* PROBLEM DESCRIPTION *
Output every record below precisely as it is written.

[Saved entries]
▬▬▬
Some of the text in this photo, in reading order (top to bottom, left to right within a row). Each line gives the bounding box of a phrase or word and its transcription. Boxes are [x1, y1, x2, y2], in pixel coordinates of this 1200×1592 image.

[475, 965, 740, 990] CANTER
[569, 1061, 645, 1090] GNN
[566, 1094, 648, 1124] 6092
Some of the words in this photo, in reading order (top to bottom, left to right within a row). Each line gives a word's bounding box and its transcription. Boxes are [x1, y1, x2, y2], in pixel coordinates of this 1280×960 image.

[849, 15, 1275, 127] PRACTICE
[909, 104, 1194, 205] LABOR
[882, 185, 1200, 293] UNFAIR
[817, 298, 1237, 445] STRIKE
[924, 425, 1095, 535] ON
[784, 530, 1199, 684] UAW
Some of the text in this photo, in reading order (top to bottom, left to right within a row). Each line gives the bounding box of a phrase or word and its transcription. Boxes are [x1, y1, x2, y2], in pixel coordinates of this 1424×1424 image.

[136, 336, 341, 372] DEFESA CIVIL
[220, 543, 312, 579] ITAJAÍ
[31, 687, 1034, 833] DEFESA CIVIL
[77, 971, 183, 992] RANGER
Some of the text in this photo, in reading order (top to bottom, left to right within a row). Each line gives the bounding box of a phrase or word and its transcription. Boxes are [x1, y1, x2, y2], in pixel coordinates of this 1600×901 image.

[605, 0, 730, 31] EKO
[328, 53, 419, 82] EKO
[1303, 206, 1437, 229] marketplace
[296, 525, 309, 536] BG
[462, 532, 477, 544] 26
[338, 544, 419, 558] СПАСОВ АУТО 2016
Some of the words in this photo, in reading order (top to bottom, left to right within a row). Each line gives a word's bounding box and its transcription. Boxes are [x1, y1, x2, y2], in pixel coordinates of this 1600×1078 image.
▬▬▬
* ANSWER SECTION *
Some of the text in this photo, in reading order (top to bottom, left to right within a row). Each line gives the bounding box of a phrase or word and its transcription. Boxes are [x1, y1, x2, y2], in pixel coordinates of this 1200×1592 image.

[475, 965, 740, 990] CANTER
[569, 1061, 645, 1090] GNN
[566, 1094, 648, 1124] 6092
Some of the words in this photo, in reading order (top to bottom, left to right within a row). Each line gives a word's bounding box and its transcription. Boxes are [x1, y1, x2, y2], in pixel coordinates of this 1280×960 image.

[849, 15, 1275, 127] PRACTICE
[909, 104, 1194, 205] LABOR
[882, 185, 1200, 293] UNFAIR
[817, 298, 1237, 445] STRIKE
[924, 425, 1095, 535] ON
[784, 530, 1199, 684] UAW
Some of the text in this photo, in reading order (top to bottom, left to right within a row). Each line gives the bounding box of a phrase or word and its transcription. Boxes are [x1, y1, x2, y2], in pixel coordinates of this 1424×1424 image.

[136, 336, 341, 372] DEFESA CIVIL
[220, 543, 312, 579] ITAJAÍ
[31, 687, 1034, 833] DEFESA CIVIL
[77, 971, 183, 992] RANGER
Some of the text in this photo, in reading order (top to bottom, left to right within a row). Each line gives the bounding box of a phrase or word and its transcription. Boxes are [x1, y1, x2, y2], in pixel coordinates of this 1600×901 image.

[605, 0, 730, 31] EKO
[328, 53, 419, 82] EKO
[1303, 206, 1437, 229] marketplace
[296, 525, 309, 536] BG
[462, 532, 477, 544] 26
[338, 544, 419, 558] СПАСОВ АУТО 2016
Some of the words in this photo, in reading order (top to bottom, left to right within a row). Each line gives a word's bounding box and its transcription. Boxes are [x1, y1, x2, y2], in pixel coordinates of this 1600×1078 image.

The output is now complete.